Mit anderen Worten, das die nächstkleinere
Größe anzeigende vorhergehende
Signalausgabeelement wird mit voller Intensität betrieben und das die nächstgrößere Größe anzeigende
nachfolgende Signalausgabeelement bleibt ausgeschaltet. Befindet
sich der Positionsgeber in einer Position, in der das elektrische
Signal eine Größe hat,
welche einer Anzeigeposition entspricht, die sich näher an dem
nachfolgenden Signalausgabeelement befindet, weist das nachfolgende
Signalausgabeelement eine entsprechende Intensität auf. Befindet sich der Positionsgeber
in einer Position, in der das elektrische Signal eine Größe hat, welche
einer Anzeigeposition entspricht, die mit der Position eines Signalausgabeelements übereinstimmt,
so wird dieses Signalausgabeelement mit halber Intensität betrieben.

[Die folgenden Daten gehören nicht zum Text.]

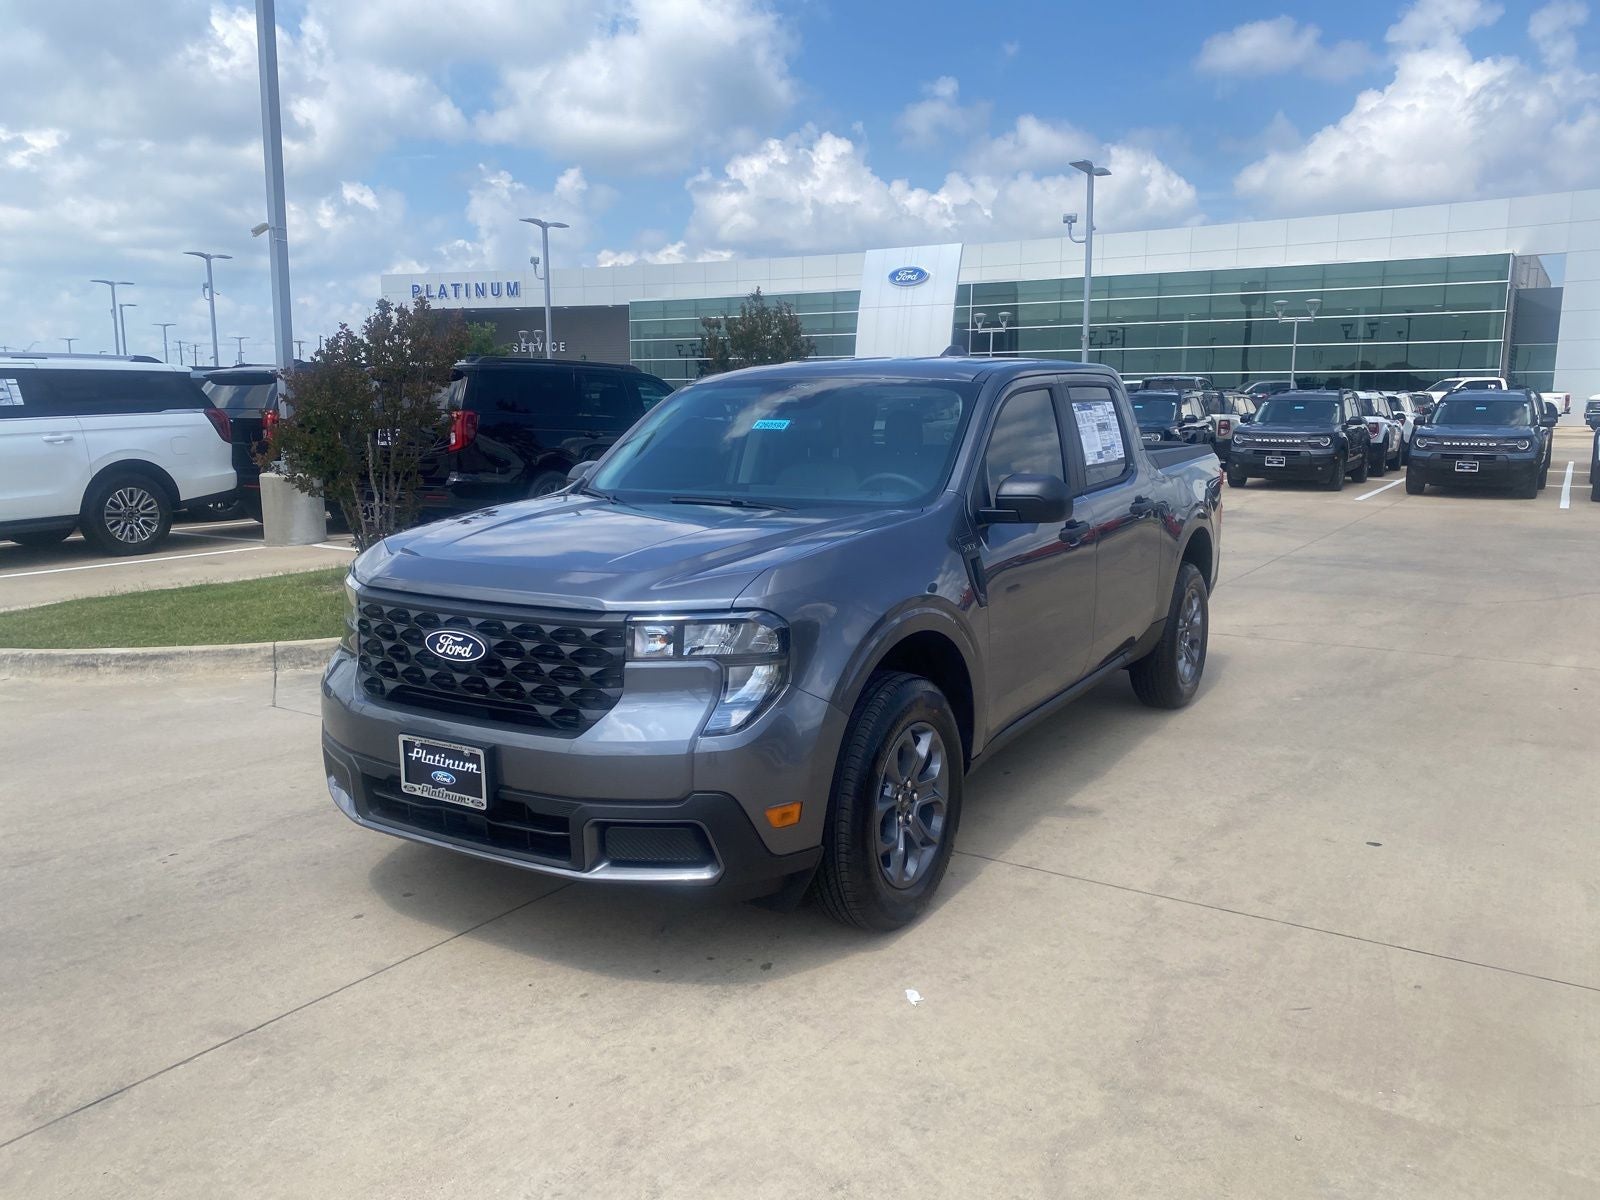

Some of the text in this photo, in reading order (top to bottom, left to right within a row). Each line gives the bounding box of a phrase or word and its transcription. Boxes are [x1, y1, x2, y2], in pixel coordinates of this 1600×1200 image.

Bei Abweichung der Anzeigeposition aus dieser Position in Richtung
des benachbarten, mit voller Intensität betriebenen Signalausgabeelements
wird die Intensität
entsprechend der Abweichung geringer als die halbe Intensität, bei Abweichung
der Anzeigeposition in die Gegenrichtung, steigt die Intensität entsprechend
der Abweichung über
die halbe Intensität
hinaus.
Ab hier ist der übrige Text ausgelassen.